INFORMATION SUPPLIED:
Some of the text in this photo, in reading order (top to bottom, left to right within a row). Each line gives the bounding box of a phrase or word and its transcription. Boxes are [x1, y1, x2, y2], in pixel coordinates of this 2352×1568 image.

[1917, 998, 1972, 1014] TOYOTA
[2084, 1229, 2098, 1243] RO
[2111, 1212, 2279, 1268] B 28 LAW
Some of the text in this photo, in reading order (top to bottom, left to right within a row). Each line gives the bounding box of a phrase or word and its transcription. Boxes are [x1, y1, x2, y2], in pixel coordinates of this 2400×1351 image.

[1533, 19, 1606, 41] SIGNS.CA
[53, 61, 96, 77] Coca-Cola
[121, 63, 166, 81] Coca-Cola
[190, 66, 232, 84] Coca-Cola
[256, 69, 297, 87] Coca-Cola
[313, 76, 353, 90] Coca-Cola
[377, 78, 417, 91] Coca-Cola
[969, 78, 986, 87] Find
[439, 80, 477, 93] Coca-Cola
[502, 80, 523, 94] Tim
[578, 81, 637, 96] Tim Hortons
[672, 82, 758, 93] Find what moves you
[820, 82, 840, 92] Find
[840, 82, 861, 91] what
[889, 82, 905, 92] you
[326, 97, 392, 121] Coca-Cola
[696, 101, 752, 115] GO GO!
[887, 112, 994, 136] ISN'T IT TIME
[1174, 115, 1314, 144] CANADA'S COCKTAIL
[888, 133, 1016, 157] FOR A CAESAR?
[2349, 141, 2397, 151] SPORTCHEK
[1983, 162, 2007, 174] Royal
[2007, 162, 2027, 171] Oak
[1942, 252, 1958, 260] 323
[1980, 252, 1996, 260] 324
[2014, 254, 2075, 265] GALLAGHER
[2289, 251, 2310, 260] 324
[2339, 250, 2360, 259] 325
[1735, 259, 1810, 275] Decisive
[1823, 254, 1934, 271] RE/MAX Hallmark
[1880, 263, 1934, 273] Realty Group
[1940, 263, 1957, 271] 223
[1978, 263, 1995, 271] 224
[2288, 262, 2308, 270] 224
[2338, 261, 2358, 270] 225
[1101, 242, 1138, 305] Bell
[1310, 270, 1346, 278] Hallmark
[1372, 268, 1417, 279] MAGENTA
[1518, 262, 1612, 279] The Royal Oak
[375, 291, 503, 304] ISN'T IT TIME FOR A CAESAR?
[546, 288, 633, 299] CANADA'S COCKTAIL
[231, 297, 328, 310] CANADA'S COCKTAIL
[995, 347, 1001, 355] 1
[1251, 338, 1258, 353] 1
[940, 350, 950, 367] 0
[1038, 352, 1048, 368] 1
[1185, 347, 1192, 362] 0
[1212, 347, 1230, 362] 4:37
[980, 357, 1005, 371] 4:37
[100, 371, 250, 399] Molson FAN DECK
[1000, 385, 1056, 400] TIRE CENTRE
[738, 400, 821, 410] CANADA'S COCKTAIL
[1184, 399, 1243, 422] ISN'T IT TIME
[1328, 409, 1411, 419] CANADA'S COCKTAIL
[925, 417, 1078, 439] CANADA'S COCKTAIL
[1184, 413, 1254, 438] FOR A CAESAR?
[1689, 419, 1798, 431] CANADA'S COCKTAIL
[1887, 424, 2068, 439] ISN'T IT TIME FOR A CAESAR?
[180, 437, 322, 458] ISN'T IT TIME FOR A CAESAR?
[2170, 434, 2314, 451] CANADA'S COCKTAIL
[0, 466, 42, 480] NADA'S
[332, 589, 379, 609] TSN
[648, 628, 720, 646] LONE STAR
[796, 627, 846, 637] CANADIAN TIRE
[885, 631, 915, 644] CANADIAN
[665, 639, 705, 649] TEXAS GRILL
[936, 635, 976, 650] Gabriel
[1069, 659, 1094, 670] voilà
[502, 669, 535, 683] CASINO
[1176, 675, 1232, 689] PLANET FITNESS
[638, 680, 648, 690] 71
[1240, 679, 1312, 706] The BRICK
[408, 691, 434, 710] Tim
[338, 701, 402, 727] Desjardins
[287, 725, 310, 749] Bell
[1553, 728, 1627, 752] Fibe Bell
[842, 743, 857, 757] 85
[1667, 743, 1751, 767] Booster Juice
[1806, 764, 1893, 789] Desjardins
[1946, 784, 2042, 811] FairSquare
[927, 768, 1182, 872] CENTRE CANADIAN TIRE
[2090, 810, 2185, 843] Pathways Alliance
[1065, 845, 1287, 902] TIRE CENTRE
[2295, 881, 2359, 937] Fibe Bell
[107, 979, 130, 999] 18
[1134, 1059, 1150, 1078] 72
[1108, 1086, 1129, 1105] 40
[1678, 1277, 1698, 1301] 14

TASK DIRECTIONS:
Where a line of the entries contains "image", report that line.

RESPONSE BELOW:
Some of the text in this photo, in reading order (top to bottom, left to right within a row). Each line gives the bounding box of a phrase or word and its transcription. Boxes are [x1, y1, x2, y2], in pixel coordinates of this 2352×1568 image.
Some of the text in this photo, in reading order (top to bottom, left to right within a row). Each line gives the bounding box of a phrase or word and its transcription. Boxes are [x1, y1, x2, y2], in pixel coordinates of this 2400×1351 image.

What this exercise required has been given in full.